◆ What you need to do: Repeat the lines of the data exactly and exclude any picture among them.

◆ Study material:

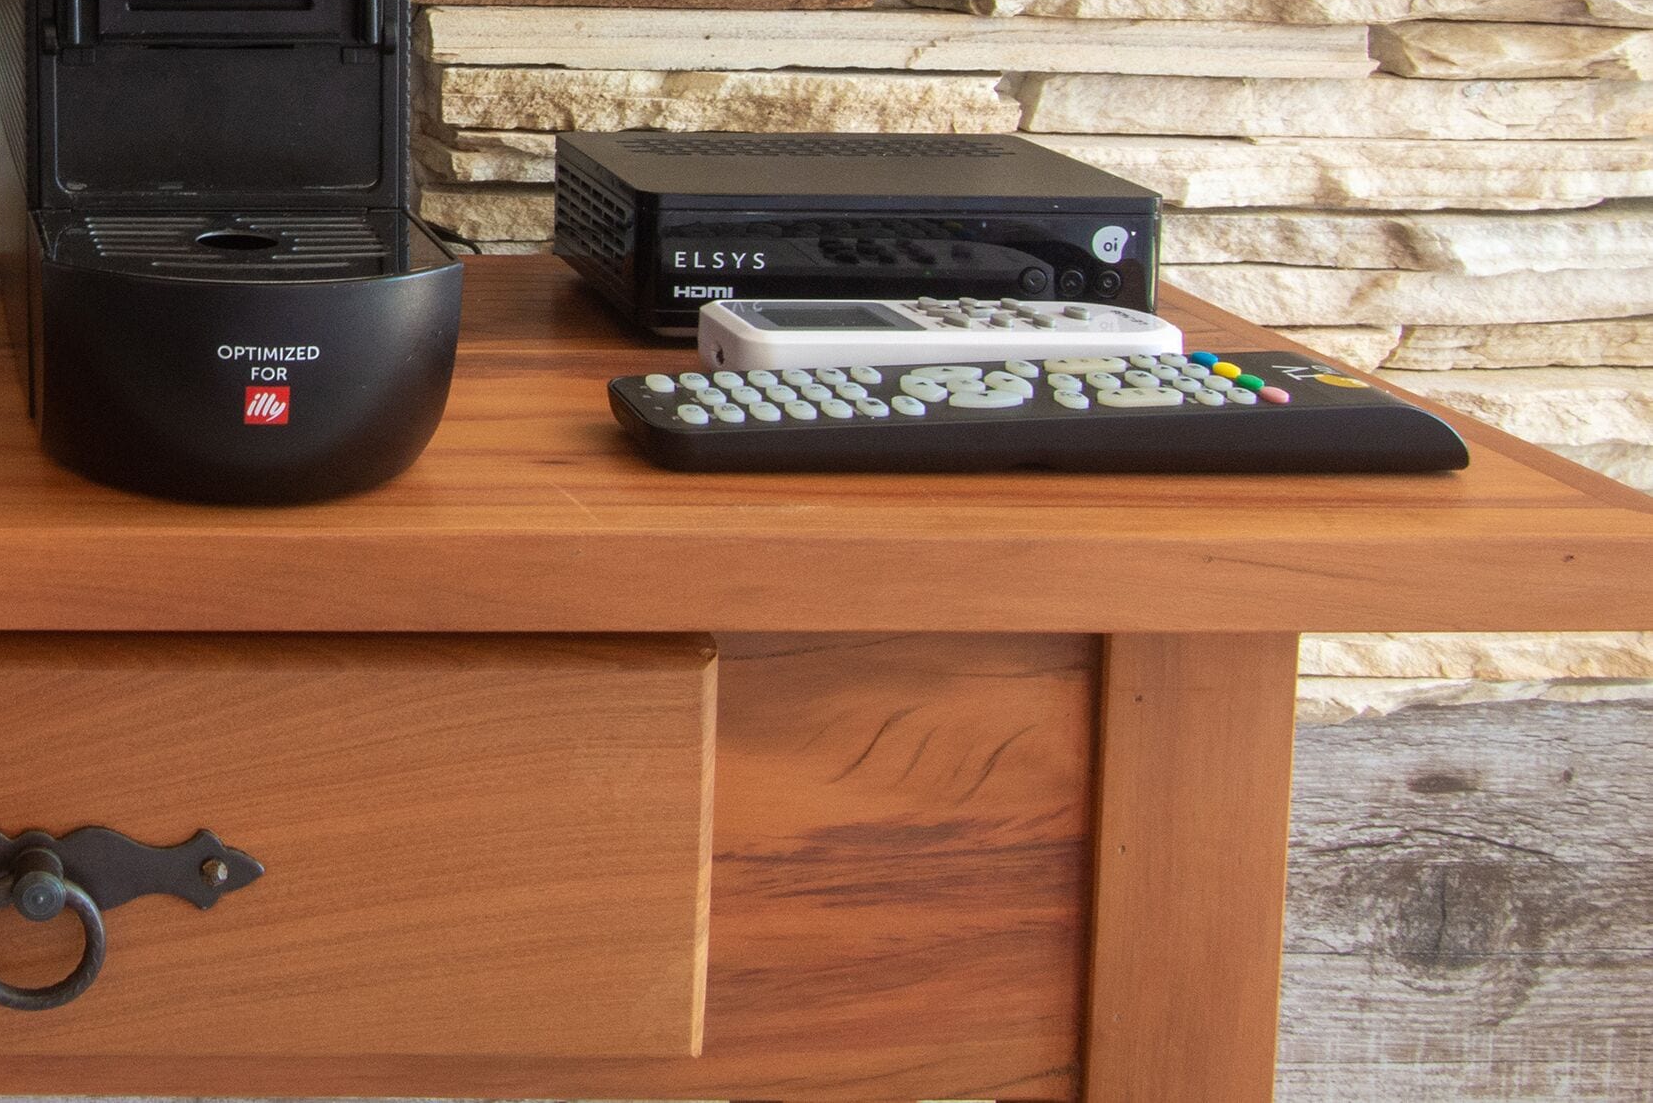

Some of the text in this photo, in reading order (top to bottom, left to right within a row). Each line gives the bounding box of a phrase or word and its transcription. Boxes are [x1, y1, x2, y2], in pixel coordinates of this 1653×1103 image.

[1103, 237, 1118, 252] oi
[674, 251, 766, 269] ELSYS
[673, 285, 734, 298] HDMI
[217, 345, 320, 361] OPTIMIZED
[251, 366, 288, 381] FOR
[246, 392, 287, 423] illy

◆ Result for this exercise:
Some of the text in this photo, in reading order (top to bottom, left to right within a row). Each line gives the bounding box of a phrase or word and its transcription. Boxes are [x1, y1, x2, y2], in pixel coordinates of this 1653×1103 image.

[1103, 237, 1118, 252] oi
[674, 251, 766, 269] ELSYS
[673, 285, 734, 298] HDMI
[217, 345, 320, 361] OPTIMIZED
[251, 366, 288, 381] FOR
[246, 392, 287, 423] illy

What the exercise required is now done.